▸ **EXERCISE OBJECTIVE**:
Return all of the following entries as written, but without the images.

START RECORDS TO USE

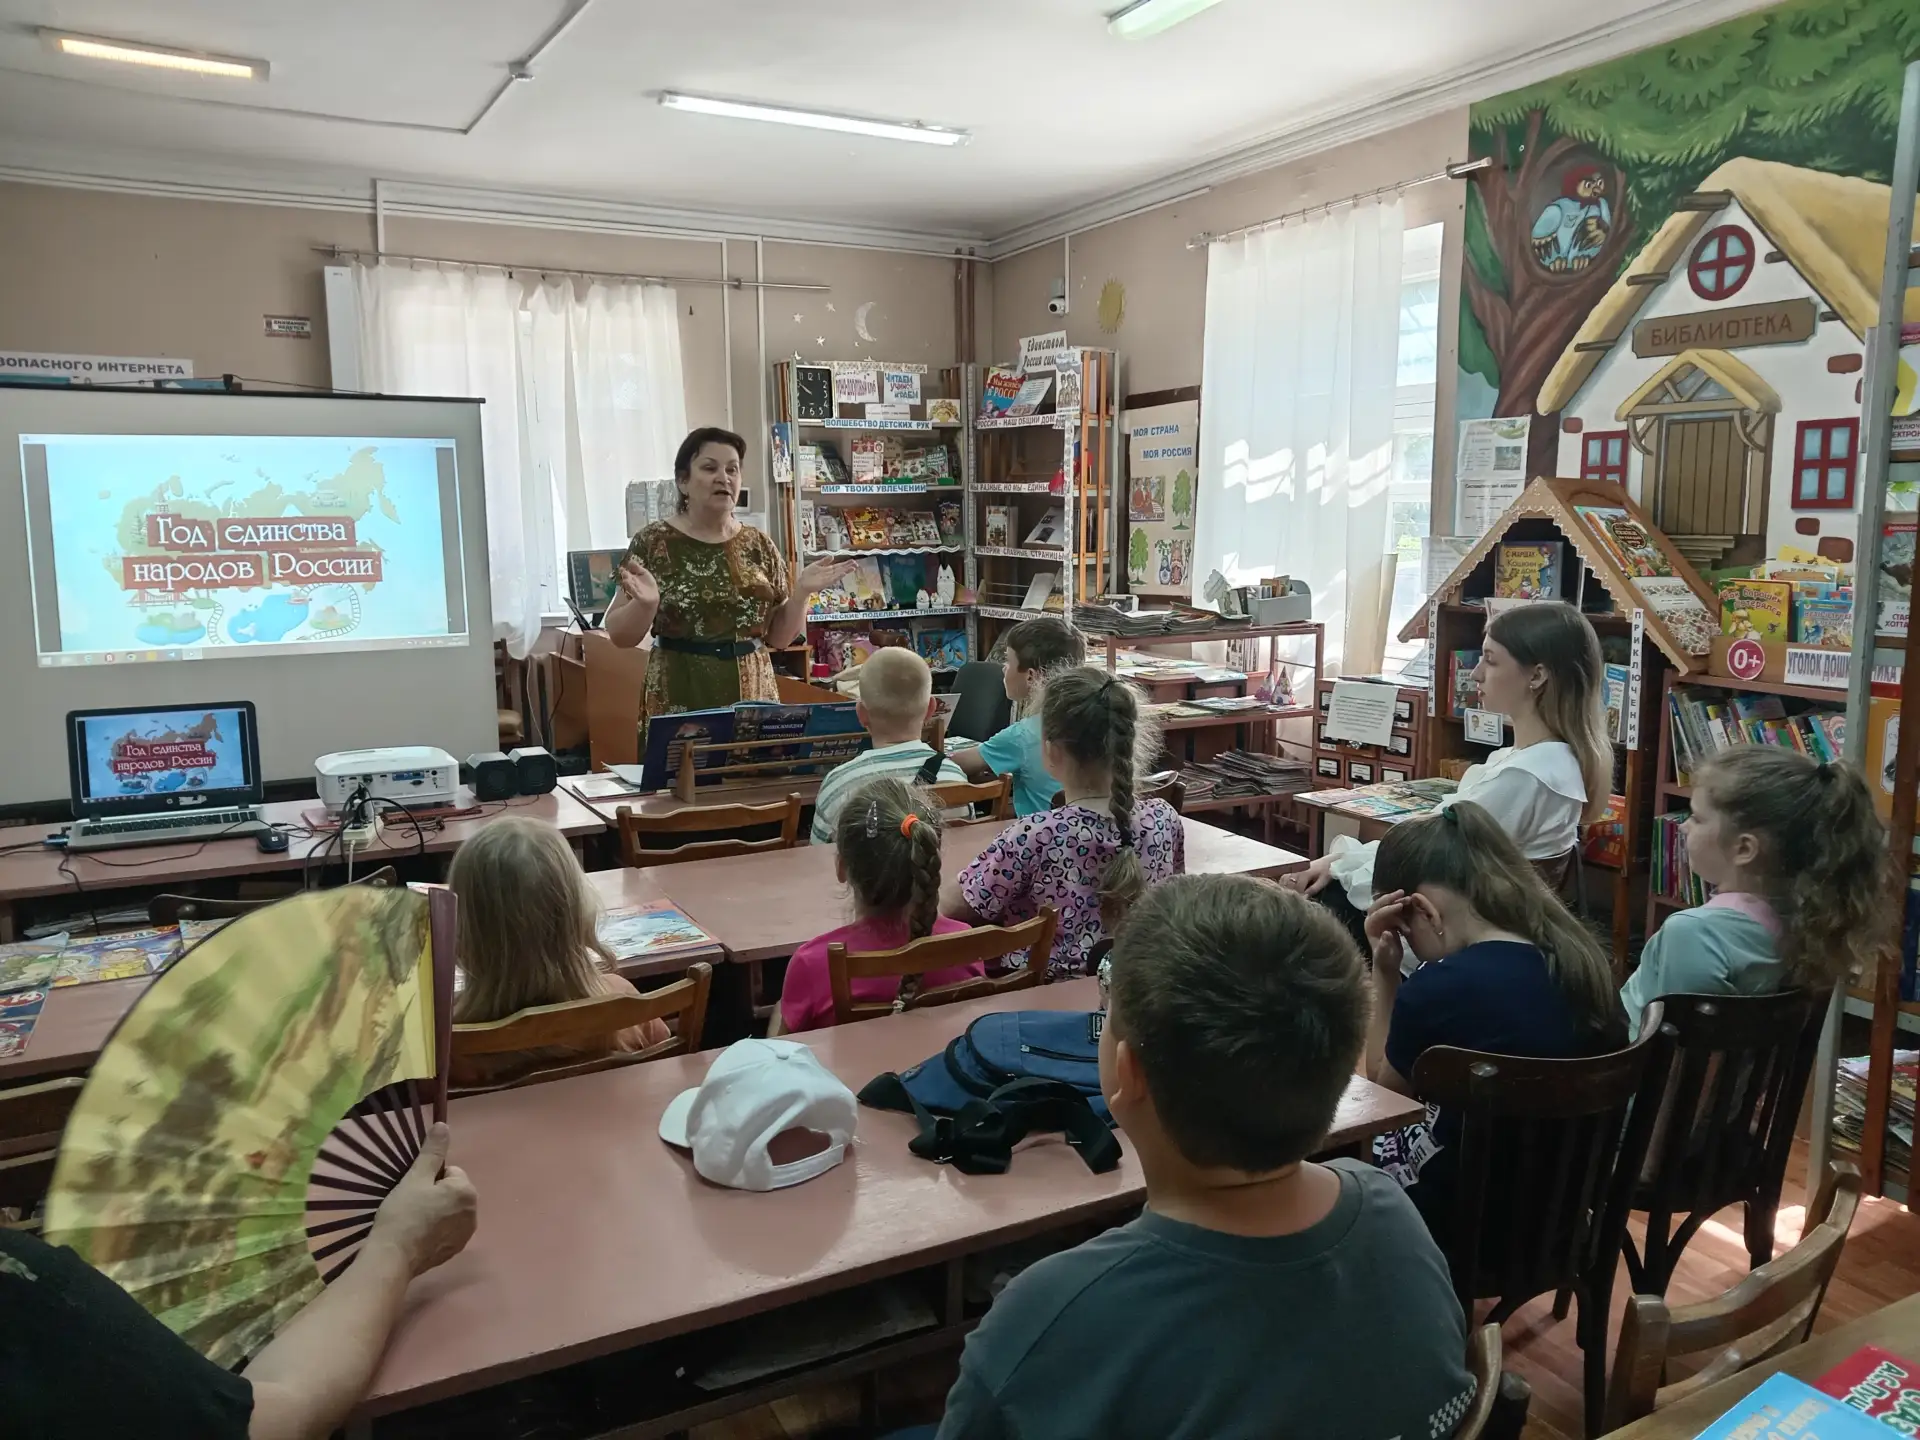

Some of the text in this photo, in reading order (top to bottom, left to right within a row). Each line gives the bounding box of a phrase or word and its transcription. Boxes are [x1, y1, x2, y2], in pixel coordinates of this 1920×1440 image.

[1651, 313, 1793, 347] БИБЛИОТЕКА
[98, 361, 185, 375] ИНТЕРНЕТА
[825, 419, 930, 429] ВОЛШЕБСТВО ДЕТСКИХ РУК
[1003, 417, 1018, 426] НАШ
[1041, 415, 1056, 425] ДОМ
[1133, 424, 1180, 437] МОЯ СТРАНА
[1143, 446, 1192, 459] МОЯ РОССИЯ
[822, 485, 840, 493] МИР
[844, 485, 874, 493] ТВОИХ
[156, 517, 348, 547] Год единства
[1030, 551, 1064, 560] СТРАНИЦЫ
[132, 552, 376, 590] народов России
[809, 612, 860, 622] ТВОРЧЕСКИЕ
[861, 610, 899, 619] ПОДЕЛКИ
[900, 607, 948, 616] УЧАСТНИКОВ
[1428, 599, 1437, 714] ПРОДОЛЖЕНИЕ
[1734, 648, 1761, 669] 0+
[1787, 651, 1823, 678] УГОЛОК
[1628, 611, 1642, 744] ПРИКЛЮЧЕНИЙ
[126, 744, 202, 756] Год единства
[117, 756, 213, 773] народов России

END RECORDS TO USE

▸ **SOLUTION**:
Some of the text in this photo, in reading order (top to bottom, left to right within a row). Each line gives the bounding box of a phrase or word and its transcription. Boxes are [x1, y1, x2, y2], in pixel coordinates of this 1920×1440 image.

[1651, 313, 1793, 347] БИБЛИОТЕКА
[98, 361, 185, 375] ИНТЕРНЕТА
[825, 419, 930, 429] ВОЛШЕБСТВО ДЕТСКИХ РУК
[1003, 417, 1018, 426] НАШ
[1041, 415, 1056, 425] ДОМ
[1133, 424, 1180, 437] МОЯ СТРАНА
[1143, 446, 1192, 459] МОЯ РОССИЯ
[822, 485, 840, 493] МИР
[844, 485, 874, 493] ТВОИХ
[156, 517, 348, 547] Год единства
[1030, 551, 1064, 560] СТРАНИЦЫ
[132, 552, 376, 590] народов России
[809, 612, 860, 622] ТВОРЧЕСКИЕ
[861, 610, 899, 619] ПОДЕЛКИ
[900, 607, 948, 616] УЧАСТНИКОВ
[1428, 599, 1437, 714] ПРОДОЛЖЕНИЕ
[1734, 648, 1761, 669] 0+
[1787, 651, 1823, 678] УГОЛОК
[1628, 611, 1642, 744] ПРИКЛЮЧЕНИЙ
[126, 744, 202, 756] Год единства
[117, 756, 213, 773] народов России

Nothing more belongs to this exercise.